Loyalisme et discipline
Chez quelques-uns, paraît-il, les notions éveillées par ces mots restent assez vagues. Les mauvais plaisants prétendent que « loyalisme » est le pare-balles universel que l’autorité brandit pour se dispenser de répondre aux difficultés. Par ailleurs, le scoutisme est un mouvement volontaire, donc la discipline ne peut y être que librement consentie, et le règlement n’est qu’une manière de voir !

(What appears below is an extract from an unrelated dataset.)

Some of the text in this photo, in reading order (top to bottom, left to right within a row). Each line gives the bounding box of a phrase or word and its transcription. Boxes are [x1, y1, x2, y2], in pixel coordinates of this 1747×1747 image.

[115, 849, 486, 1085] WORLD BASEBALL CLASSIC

Non, le loyalisme est chose plus sérieuse, et moins strictement utilitaire. Tous ont à l’exercer vis-à-vis les uns des autres, chefs comme subordonnés. Le loyalisme du chef consiste à ne pas « lâcher » ses inférieurs, à ne pas les laisser se dépêtrer sans l’assistance qui leur doit, à ne pas rejeter sur eux les responsabilités. De la part de ceux-ci, c’est la fidélité au chef parce que chef ; l’autorité n’est pas mise en question, et l’on ne sape pas ses ordres en paraissant les exécuter. Si l’on en signale les défectuosités, ce n’est pas avec la malignité de l’élève qui a surpris une distraction chez le professeur, mais avec le respect affectueux de l’employé qui ne propose de critiques que pour que la maison marche mieux. Loyalisme suppose esprit scout et confiance à priori. Sans lui la collaboration fraternelle qui est à la base de l’administration du scoutisme est franchement impossible.

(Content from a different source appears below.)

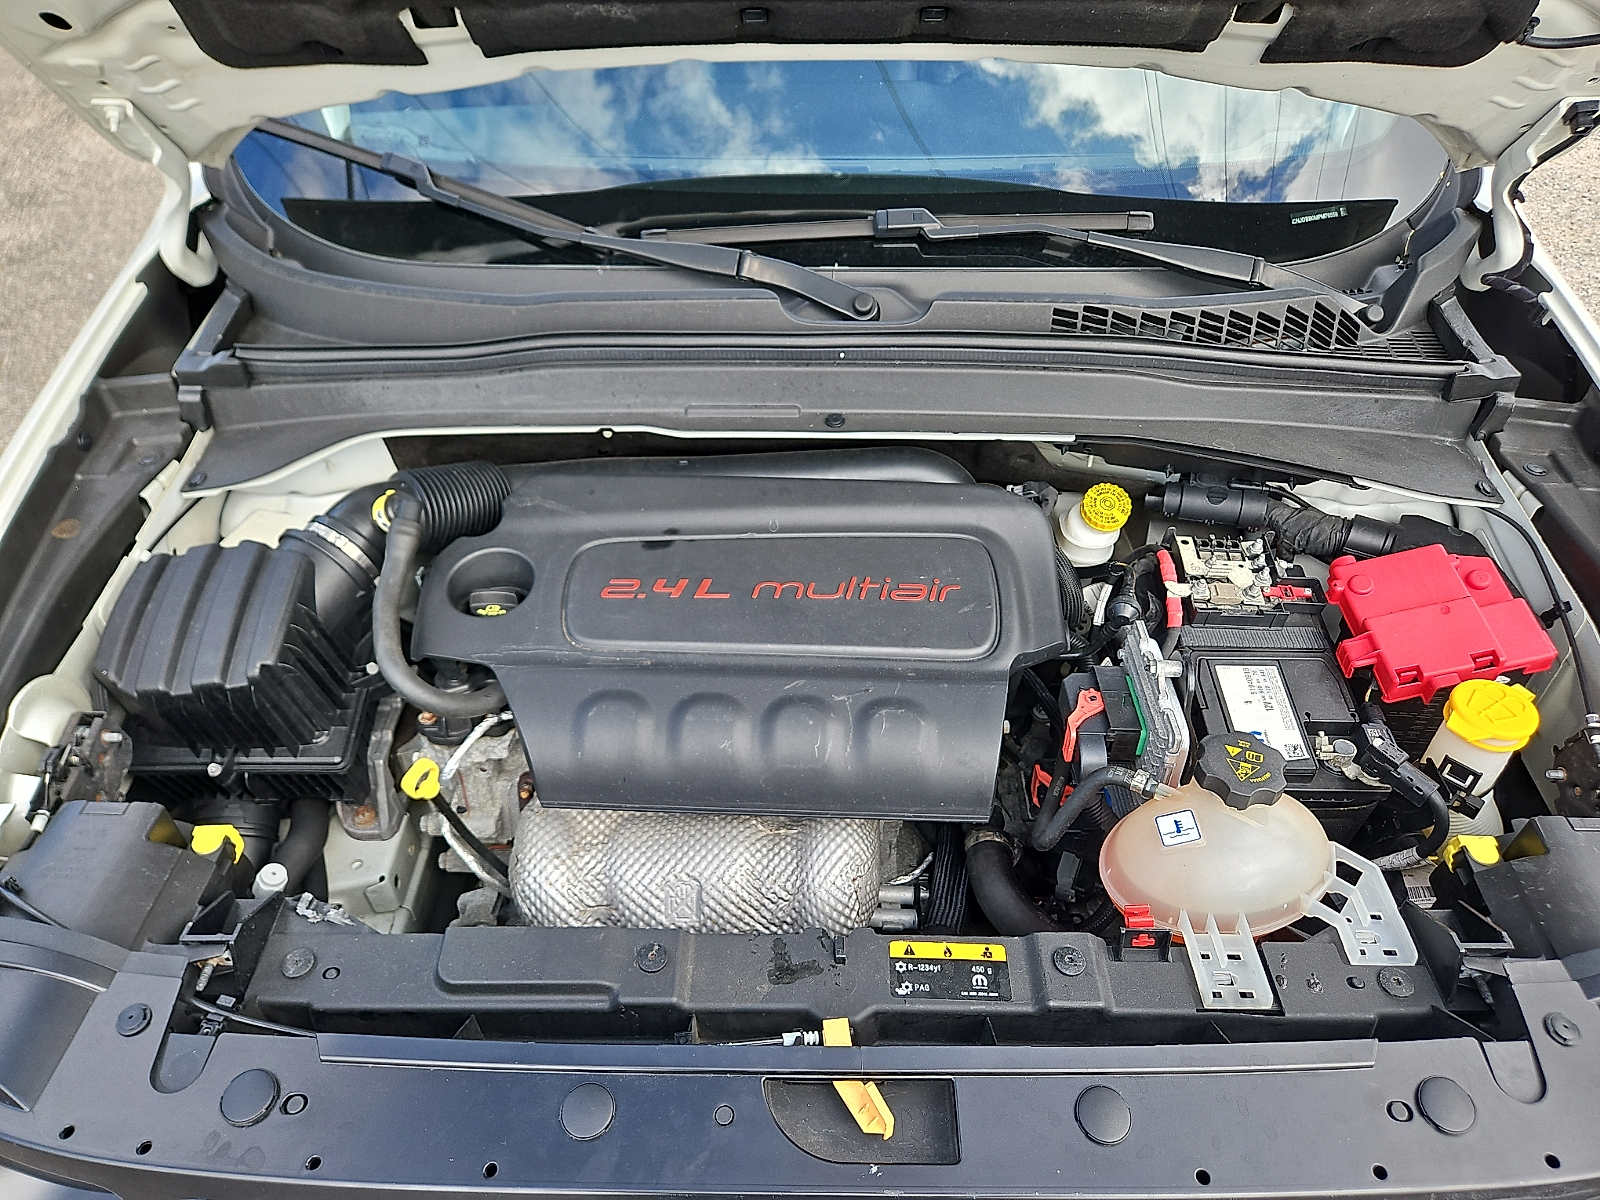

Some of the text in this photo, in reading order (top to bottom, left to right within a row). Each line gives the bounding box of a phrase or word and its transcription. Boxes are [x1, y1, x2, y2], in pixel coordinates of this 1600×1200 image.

[600, 576, 962, 602] 2.4L multiair
[971, 965, 985, 973] 450
[914, 983, 930, 992] PAG

Et le loyalisme s’adresse aussi bien aux méthodes. Ce n’est pas être loyal au mouvement que de s’affranchir de ses directives pédagogiques, de faire pratiquer le scoutisme aux louveteaux, de prendre des routiers à 16 ans, de bouleverser arbitrairement les pouvoirs et les fonctions des chefs de différents degrés, d’annihiler pratiquement la Cour d’Honneur. On voit ici que loyalisme voisine avec discipline. En fait, les infractions à la discipline, quand elles sont habituelles et délibérées, d’où viennent-elles, sinon du manque de loyalisme ? On n’a pas encore compris que nous ne formons qu’un corps animé d’un seul et même esprit. Et c’est soi-même que l’on ruine en critiquant l’autorité.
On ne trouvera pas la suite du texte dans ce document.